What risks are avoided by not relying solely on Machine Learning for calibration?
- Silent errors: An ML model may continue producing numerically “nice” values even when they are completely off.
- Lack of traceability: It is impossible to rigorously demonstrate how a specific concentration was obtained or verify compliance with international standards.
- Technical and regulatory distrust: Regulators require traceability, and AI models do not always meet this requirement.
- Dependence on historical data: Without a solid prior database from the location where the sensor will be deployed or a reference station, the model cannot be developed.
“In air quality, precision is not trained, it is calibrated.”
AI is a tool, not a guarantee
Machine Learning can be useful to support data analysis or detect temporal patterns. But it cannot replace scientific calibration based on recognised standards and traceable procedures.
At Kunak, the approach is clear: robust sensors, individually calibrated, with transparent algorithms, designed to provide reliable data anywhere in the world, without relying on assumptions or models trained in different contexts.
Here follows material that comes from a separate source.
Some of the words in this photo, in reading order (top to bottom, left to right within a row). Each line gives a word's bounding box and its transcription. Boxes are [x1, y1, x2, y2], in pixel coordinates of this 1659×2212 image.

Because when it comes to measuring the air we breathe, it is not enough for the measurements to look right, they must be right.
Advantages of Kunak calibration: beyond compliance
✔ Near-reference data at low cost
Thanks to its patented design of individually calibrated smart cartridges, Kunak AIR devices deliver results very close to reference instruments, with much lower investment than traditional fixed stations.
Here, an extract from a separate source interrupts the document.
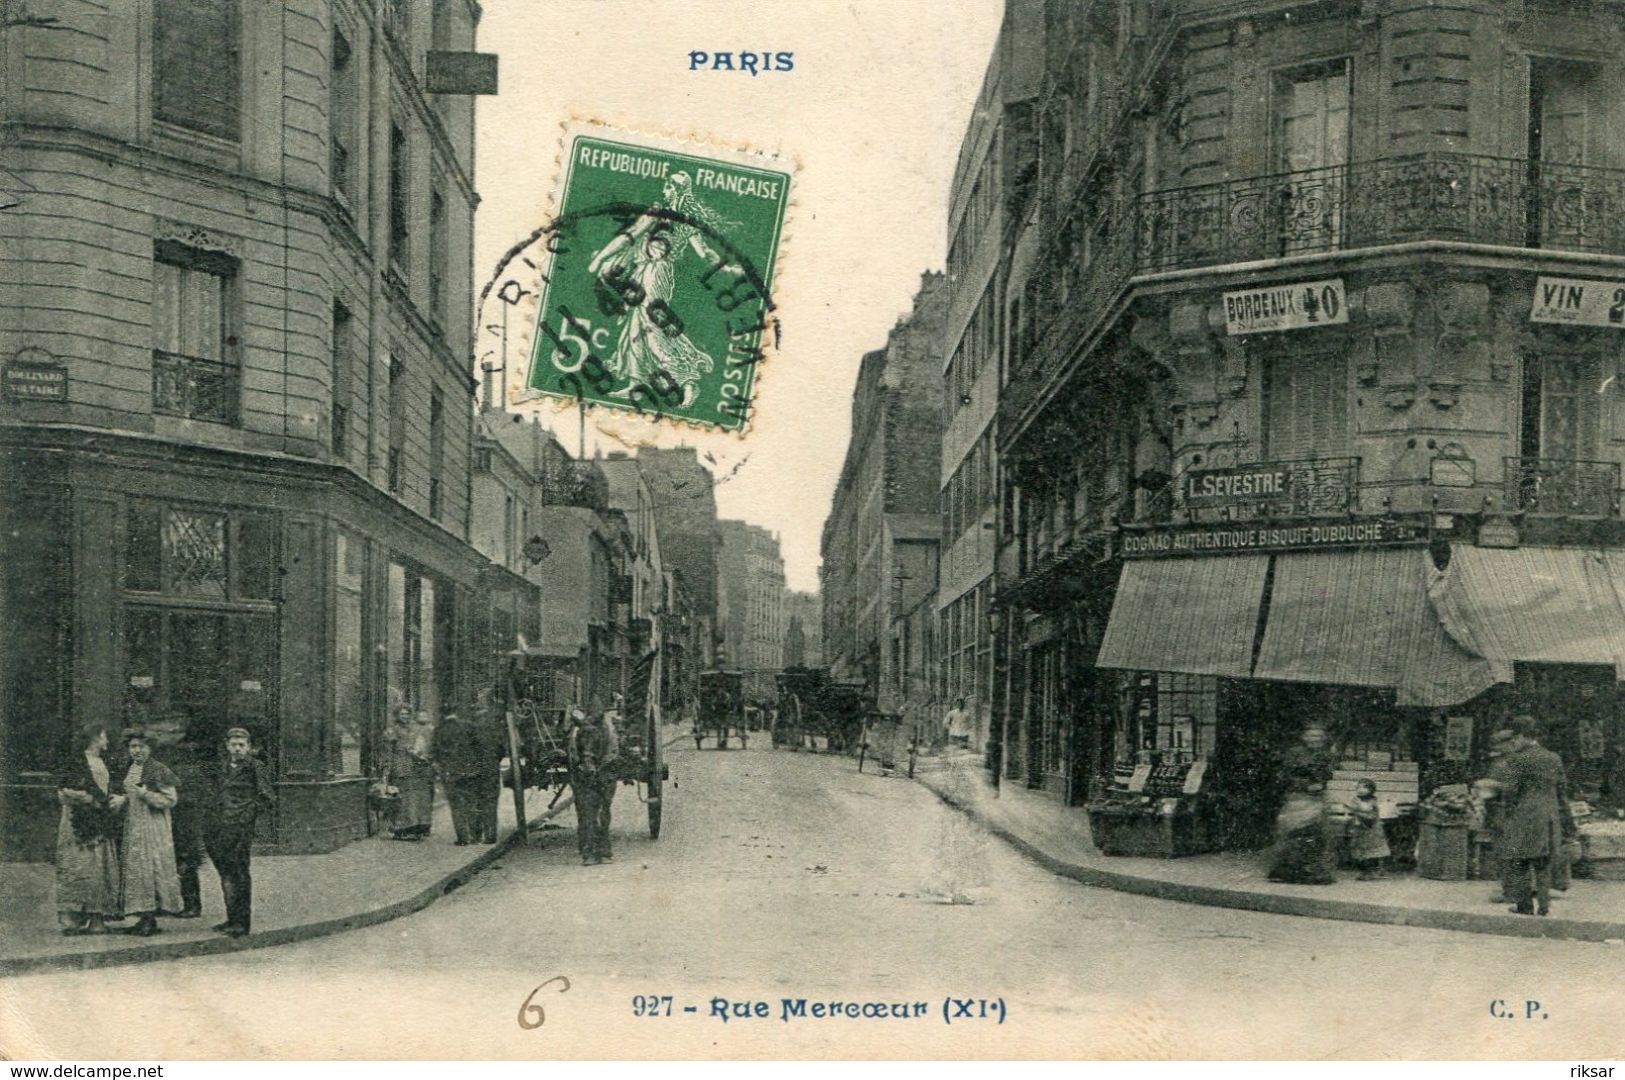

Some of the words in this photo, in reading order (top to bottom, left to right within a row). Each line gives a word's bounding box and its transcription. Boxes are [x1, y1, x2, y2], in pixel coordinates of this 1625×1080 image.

✔ Traceability and confidence
Each cartridge includes factory information (sensor type, manufacture date, calibration results). When inserted, the station recognises it automatically and the sensor begins measuring, providing quality data without manual intervention.
✔ Flexibility and sustainability
Thanks to the plug&play system, sensors can be easily replaced without sending the equipment back to the factory. Additionally, electronic components are recyclable, reinforcing the brand’s environmental commitment.
✔ Remote management
Through Kunak AIR Cloud, technicians can:
- Calibrate sensors using the calibration tool.
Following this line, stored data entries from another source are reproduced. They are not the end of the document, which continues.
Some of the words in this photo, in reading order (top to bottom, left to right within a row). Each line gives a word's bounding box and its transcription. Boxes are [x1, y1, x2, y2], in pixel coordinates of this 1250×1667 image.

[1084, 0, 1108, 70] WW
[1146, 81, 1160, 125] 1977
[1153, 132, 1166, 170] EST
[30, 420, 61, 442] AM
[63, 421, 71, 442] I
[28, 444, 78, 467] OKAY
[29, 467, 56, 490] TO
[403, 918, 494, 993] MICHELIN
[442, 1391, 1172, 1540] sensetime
- Apply baseline adjustments remotely.
- Monitor the status of each sensor (battery, signal, anomalies).
- Automate alerts in case of deviations.
Practical maintenance recommendations
Kunak recommends following a maintenance and calibration schedule to ensure maximum accuracy:
Cartridge | Type of calibration / correction | After deployment | Every 3 months | Every 12 months | Recommended replacement |
CO, NO, NO2, O3, H2S, SO2, NH3, HCl | A1, A2, B1 | 🔵 | 🔵 | ⬛ | 24 months |
CO2, CH4 | B2 | Automatic | 4 years | ||
VOCs | A2 | — | 🔵 | ⬛ | 10,000 hours |
PM (particles) | A1, B3 | 🔵 | — | Inspection and cleaning | 24 months |
⬛ Mandatory 🔵 Highly recommended (for optimal performance) |
“What isn’t calibrated becomes contaminated with uncertainty.”
Conclusion: data quality is a responsibility
Calibration is not just a technical matter—it is essential. It is a commitment to data truth, public health, and the environment. Thanks to its thorough quality assurance and control process, Kunak offers its clients access to reliable, traceable, and actionable data.
Against improvised approaches and opaque models, Kunak bets on scientific traceability, technical transparency, and operational adaptability.
Because when it comes to air quality, accuracy is non-negotiable. When we talk about measuring the air we breathe, there is much more at stake than just a simple number.